Sigurd Johnson, the former Ruby Neate, her grandfather,
Reuben Neate, at the age of 26, came to this section in
the fall of 1837 from Vermont, probably on horseback.
He purchased the first
section of the farm, a three-acre plot on the bank of
Cassadaga Creek at Levant, from Samuel A. Brown in
1845. Here he opened his famous brickyard which
supplied hand-molded bricks for many of the Jamestown
area's early buildings.
The farm which later
became the family's mode of living, had its small
beginnings there, where Mrs. Neate kept a few cattle,
chickens and a garden to board workers at the
brickyard. The farm was expanded as Mr. Neate
bought and cleared 89 acres along the creek, purchased
in 1857, and 101 acres of timber land across the present
Levant-Gerry Road in 1866.
The original house was
located across the road and to the west of the present
house. The old house and barns were constructed
with wood pegs, instead of nails.
During those early
days, Indians traveling up Cassadage Creek used to camp
in the woods on what is now the Neate farm.
Mrs. Neate, the former Lucy Hall, worked as a maid
for the Prendergast family, founders of Jamestown, and
remembered leading their cow across what is now the
business section of Main Street.
In 1867, the present house on the farm was started, and completed the following year. Built of brick made in the family brickyard, it has three stories, 30 rooms, and has a mansard -type roof on which the original slate has been replaced by shingles.
The house cost $12,000
at that day's low prices. It was rumored that the
third floor was added at the insistence of the workers,
faced with a job shortage, who convinced Mr. Neate that
the building looked squat in its original form.
The last job for the
brickyard was in 1881, when it made the brick for the
old Sherman House, on the site of the present Hotel
Governor Fenton. After that, machine-made brick
forced the closing of the yard, and the Neate family
settled down as full-time farmers.
Ruben Neate's son,
Menzo Neate, was born in 1863 and married Feb. 16,
1883. After his father's death Fe. 20, 1902, he
bought out the share of his two sisters, and continued
to operate the farm. Always devoted to dairying,
the farm kept up to 33 head of cattle.
Solomon Willett,
husband of the late Carrie Neate Willett, began to
operate the farm in 1937. Menzo Neate died Dec.

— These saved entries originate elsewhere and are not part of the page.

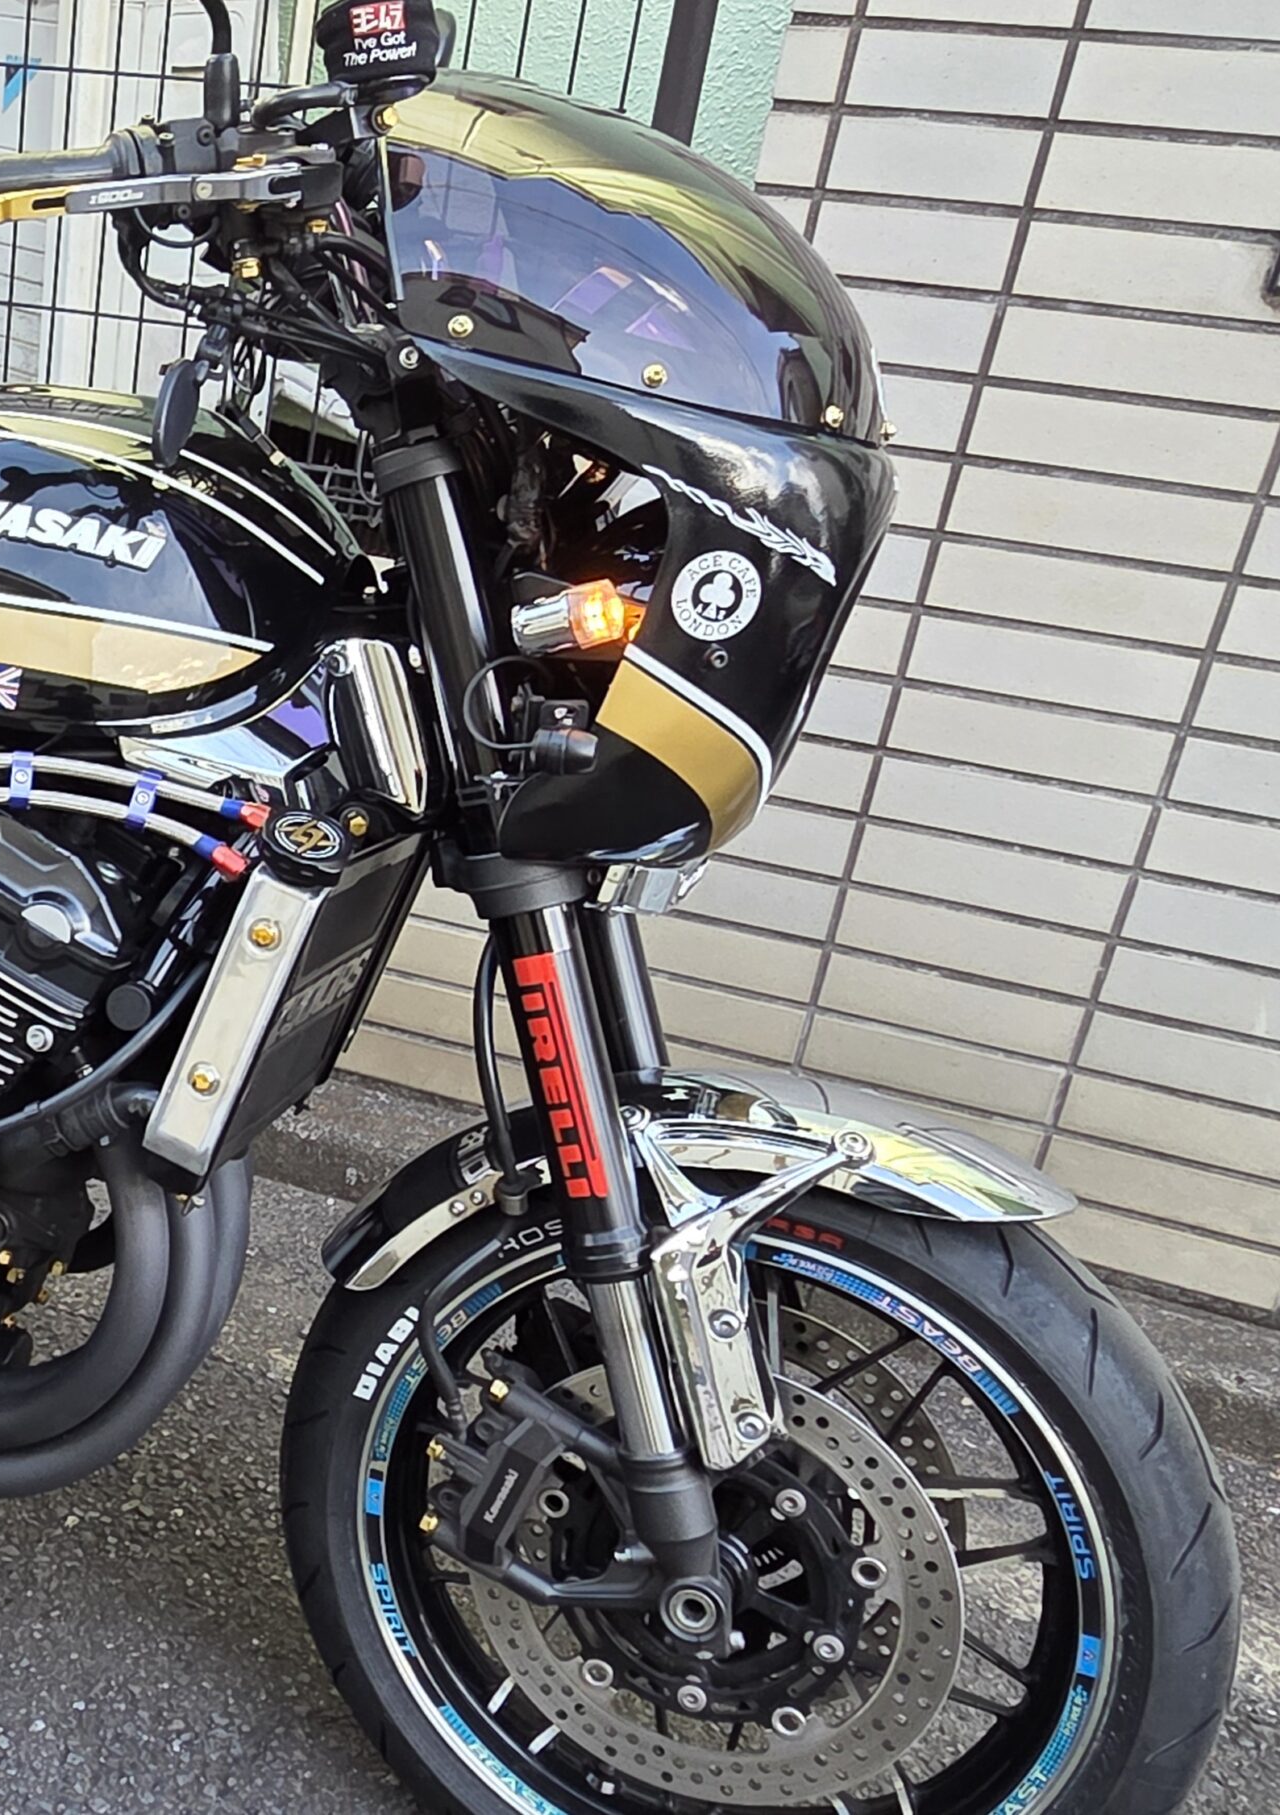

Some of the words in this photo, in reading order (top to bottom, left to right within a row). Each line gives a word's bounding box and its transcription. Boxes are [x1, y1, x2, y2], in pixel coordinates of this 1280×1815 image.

[343, 52, 366, 67] The
[354, 38, 377, 50] I've
[380, 31, 406, 46] Got
[687, 555, 722, 580] ACE
[729, 557, 756, 598] CAFE
[676, 598, 742, 636] LONDON
[513, 953, 609, 1198] PIRELLI
[875, 1294, 984, 1373] BEAST
[1045, 1471, 1097, 1580] SPIRIT
[370, 1562, 417, 1658] SPIRIT

31, 1941, and in 1945 the farm, with rooms int he house,
was rented to Floyd Burt, who has been operating the
farm with his son, Robert. They have kept herds of
up to 40 mixed cattle on the farm.
Mrs. Willett, who
followed in her father's footsteps by serving several
years as supervisor for the Town of Ellicott, died June
18 last year. The Burt family now is leaving the
farm, which all livestock and machinery being sold
today.
At present disposition
of the farm is in the hands of two surviving
sisters. Mrs. Johnson and Mrs. Sarah Halliday, 514
Weeks Street; and a sister-in-law, Mrs. Nathan M.
Neate. No decision has been reached as to the
future of the century old farm, according to Mrs.
Johnson.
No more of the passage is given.